(Collected data)
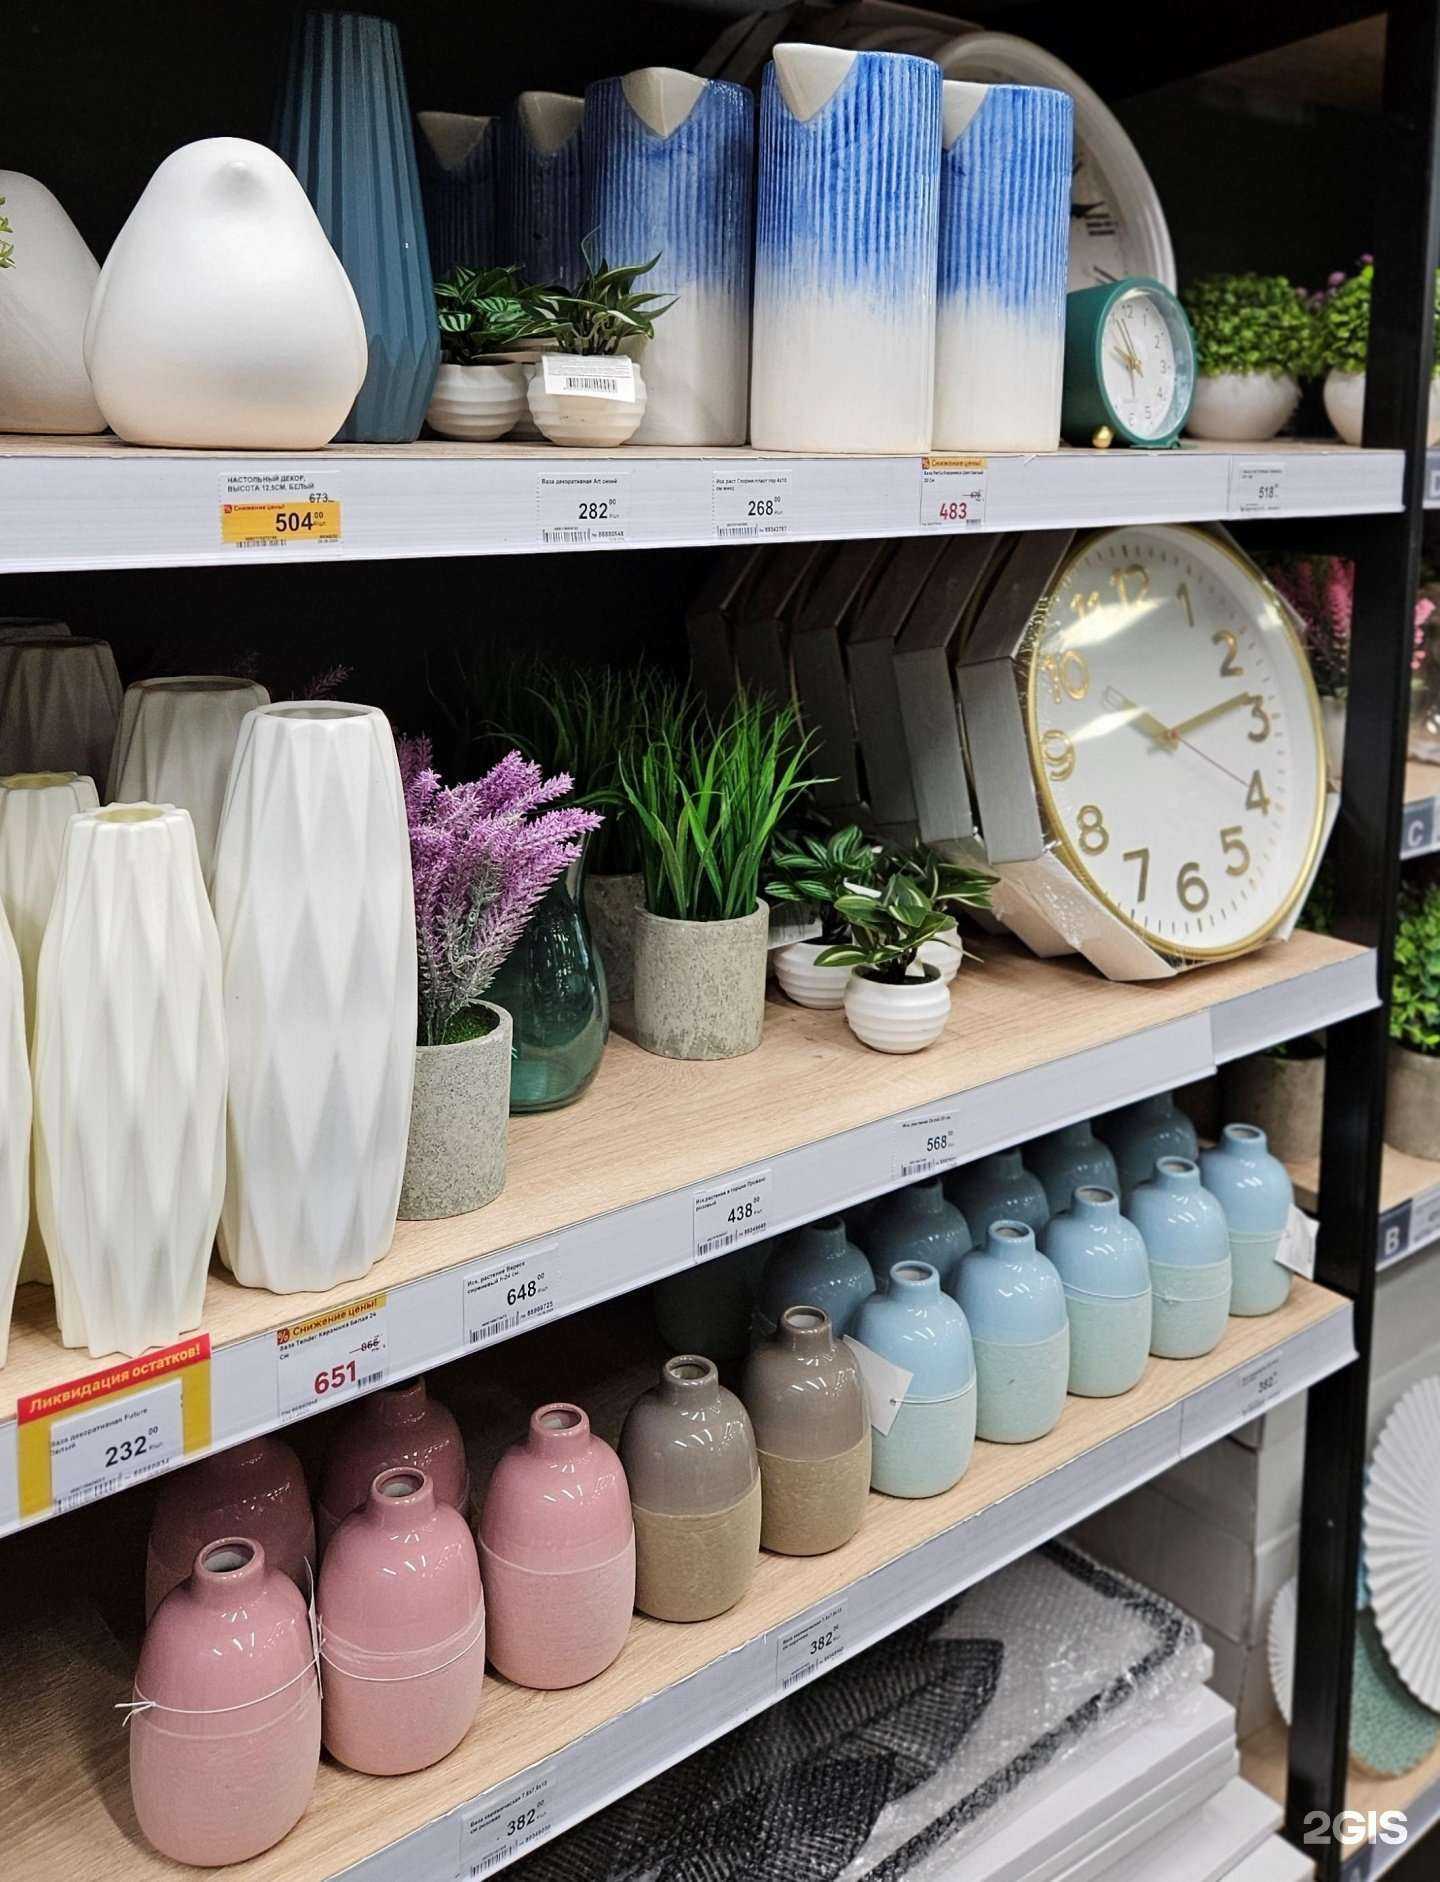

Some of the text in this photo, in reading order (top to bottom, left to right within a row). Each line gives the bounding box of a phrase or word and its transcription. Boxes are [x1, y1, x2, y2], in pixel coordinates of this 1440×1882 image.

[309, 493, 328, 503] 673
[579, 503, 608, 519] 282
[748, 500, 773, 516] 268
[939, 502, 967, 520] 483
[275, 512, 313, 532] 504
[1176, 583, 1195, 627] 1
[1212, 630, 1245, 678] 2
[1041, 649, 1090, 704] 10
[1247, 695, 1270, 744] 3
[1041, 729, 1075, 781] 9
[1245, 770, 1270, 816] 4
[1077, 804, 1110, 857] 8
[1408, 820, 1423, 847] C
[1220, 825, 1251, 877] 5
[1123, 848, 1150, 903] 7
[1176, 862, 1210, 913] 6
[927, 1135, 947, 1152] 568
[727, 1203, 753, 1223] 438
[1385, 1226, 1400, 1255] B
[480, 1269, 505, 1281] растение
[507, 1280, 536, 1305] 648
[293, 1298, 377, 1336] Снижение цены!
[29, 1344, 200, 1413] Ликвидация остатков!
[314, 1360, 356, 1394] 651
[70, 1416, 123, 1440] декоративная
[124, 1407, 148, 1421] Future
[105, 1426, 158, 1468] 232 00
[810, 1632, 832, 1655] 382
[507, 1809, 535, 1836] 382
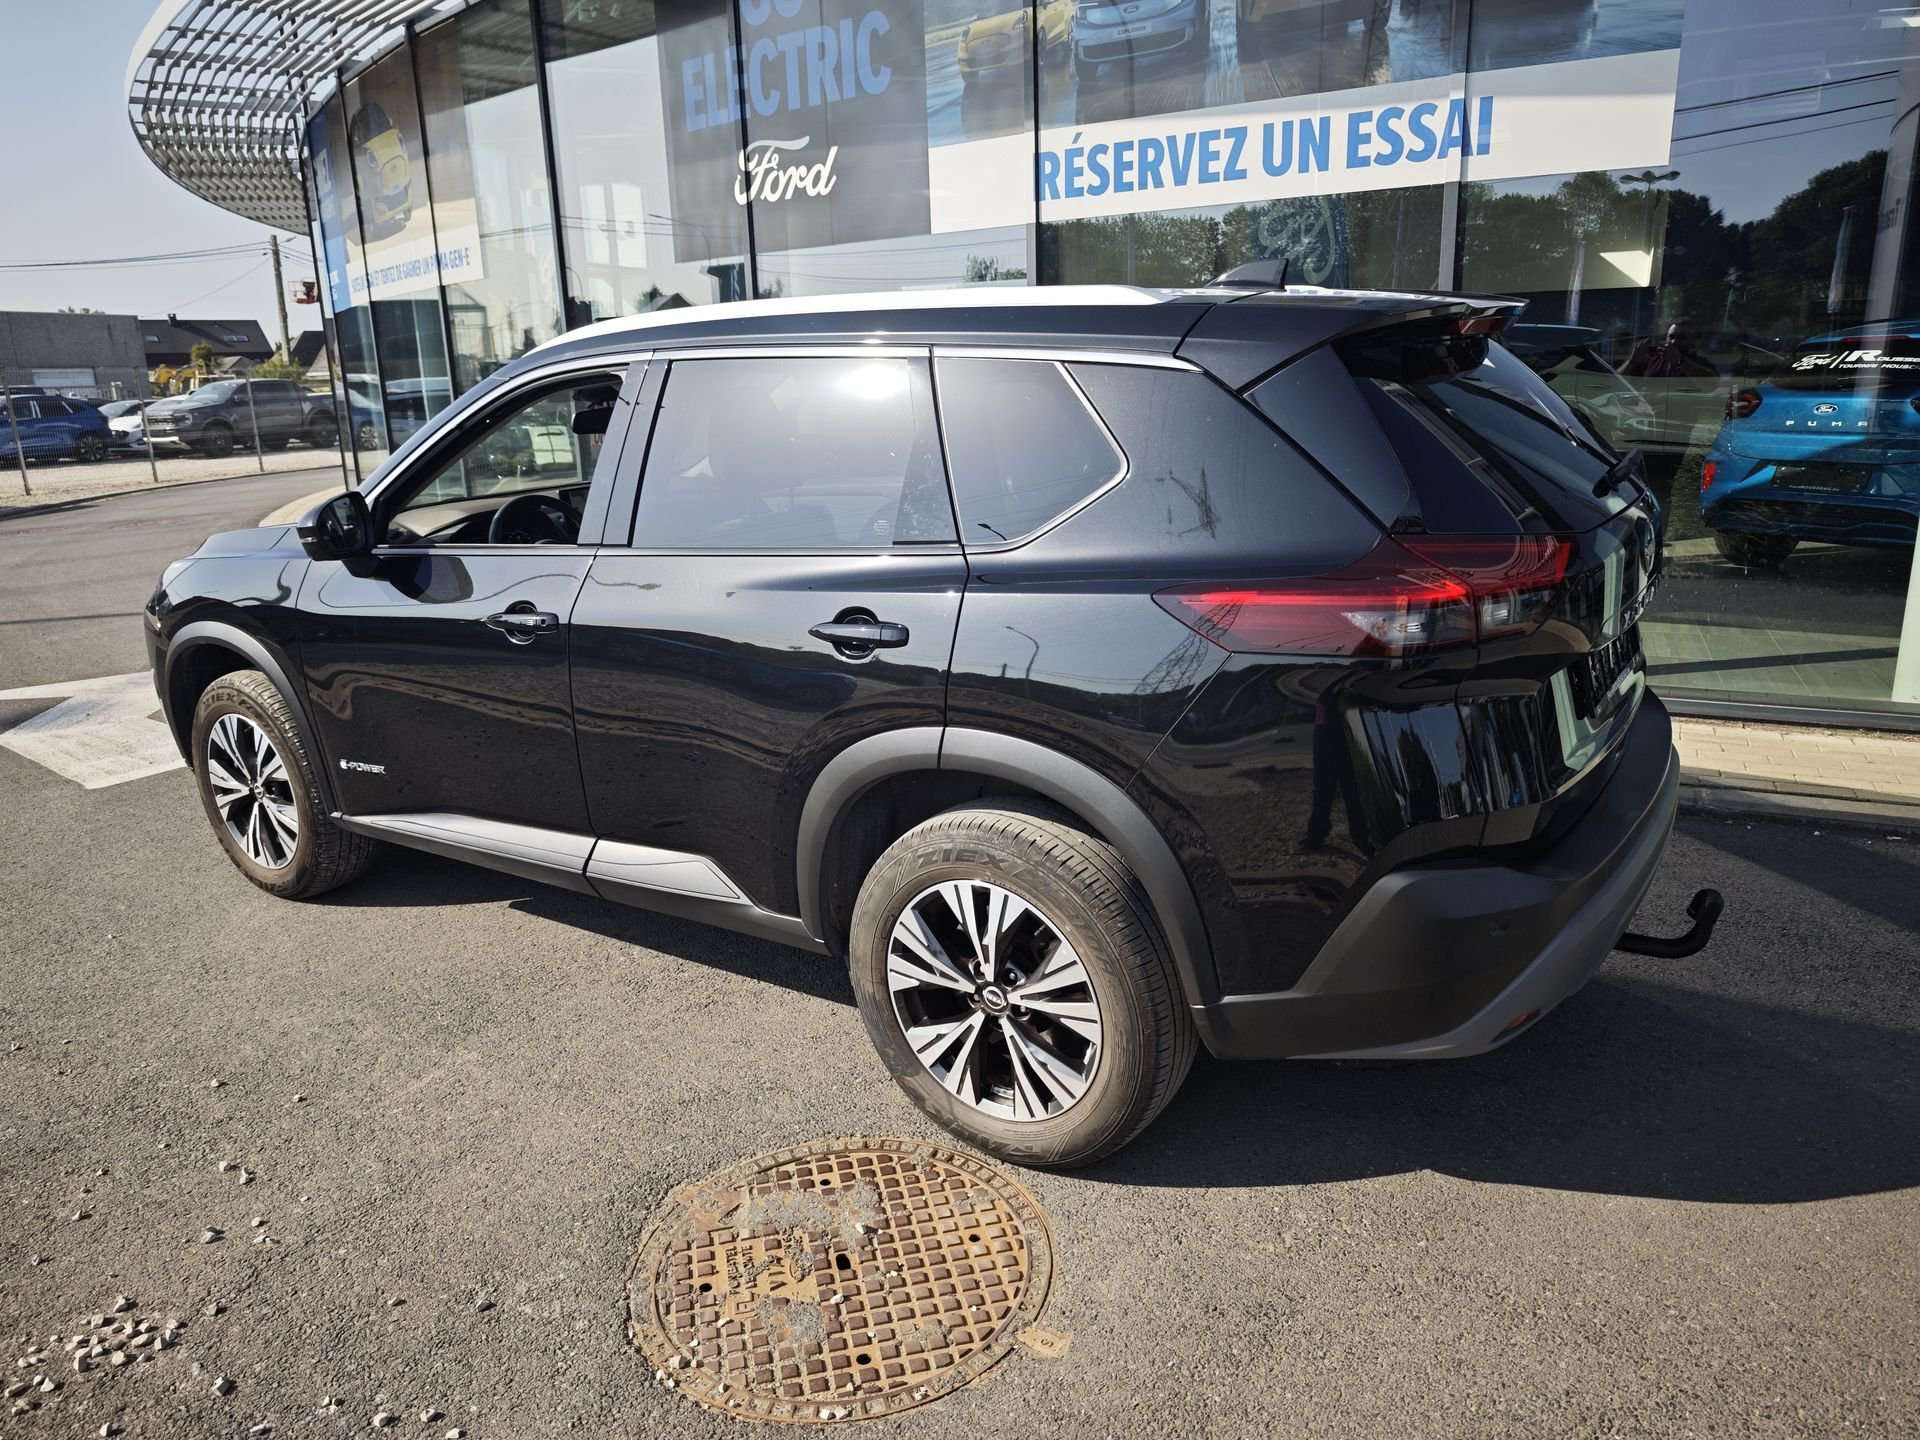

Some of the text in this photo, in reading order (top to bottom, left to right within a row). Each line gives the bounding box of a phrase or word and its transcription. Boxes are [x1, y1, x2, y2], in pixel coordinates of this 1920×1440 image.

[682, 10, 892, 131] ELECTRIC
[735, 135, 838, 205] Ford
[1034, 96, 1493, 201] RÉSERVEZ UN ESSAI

[WHAT IS REQUIRED] Without any pictures, return the entries exactly as given.

[EXERCISE SOLUTION]
Some of the text in this photo, in reading order (top to bottom, left to right within a row). Each line gives the bounding box of a phrase or word and its transcription. Boxes are [x1, y1, x2, y2], in pixel coordinates of this 1440×1882 image.

[309, 493, 328, 503] 673
[579, 503, 608, 519] 282
[748, 500, 773, 516] 268
[939, 502, 967, 520] 483
[275, 512, 313, 532] 504
[1176, 583, 1195, 627] 1
[1212, 630, 1245, 678] 2
[1041, 649, 1090, 704] 10
[1247, 695, 1270, 744] 3
[1041, 729, 1075, 781] 9
[1245, 770, 1270, 816] 4
[1077, 804, 1110, 857] 8
[1408, 820, 1423, 847] C
[1220, 825, 1251, 877] 5
[1123, 848, 1150, 903] 7
[1176, 862, 1210, 913] 6
[927, 1135, 947, 1152] 568
[727, 1203, 753, 1223] 438
[1385, 1226, 1400, 1255] B
[480, 1269, 505, 1281] растение
[507, 1280, 536, 1305] 648
[293, 1298, 377, 1336] Снижение цены!
[29, 1344, 200, 1413] Ликвидация остатков!
[314, 1360, 356, 1394] 651
[70, 1416, 123, 1440] декоративная
[124, 1407, 148, 1421] Future
[105, 1426, 158, 1468] 232 00
[810, 1632, 832, 1655] 382
[507, 1809, 535, 1836] 382

Some of the text in this photo, in reading order (top to bottom, left to right within a row). Each line gives the bounding box of a phrase or word and its transcription. Boxes are [x1, y1, x2, y2], in pixel coordinates of this 1920×1440 image.

[682, 10, 892, 131] ELECTRIC
[735, 135, 838, 205] Ford
[1034, 96, 1493, 201] RÉSERVEZ UN ESSAI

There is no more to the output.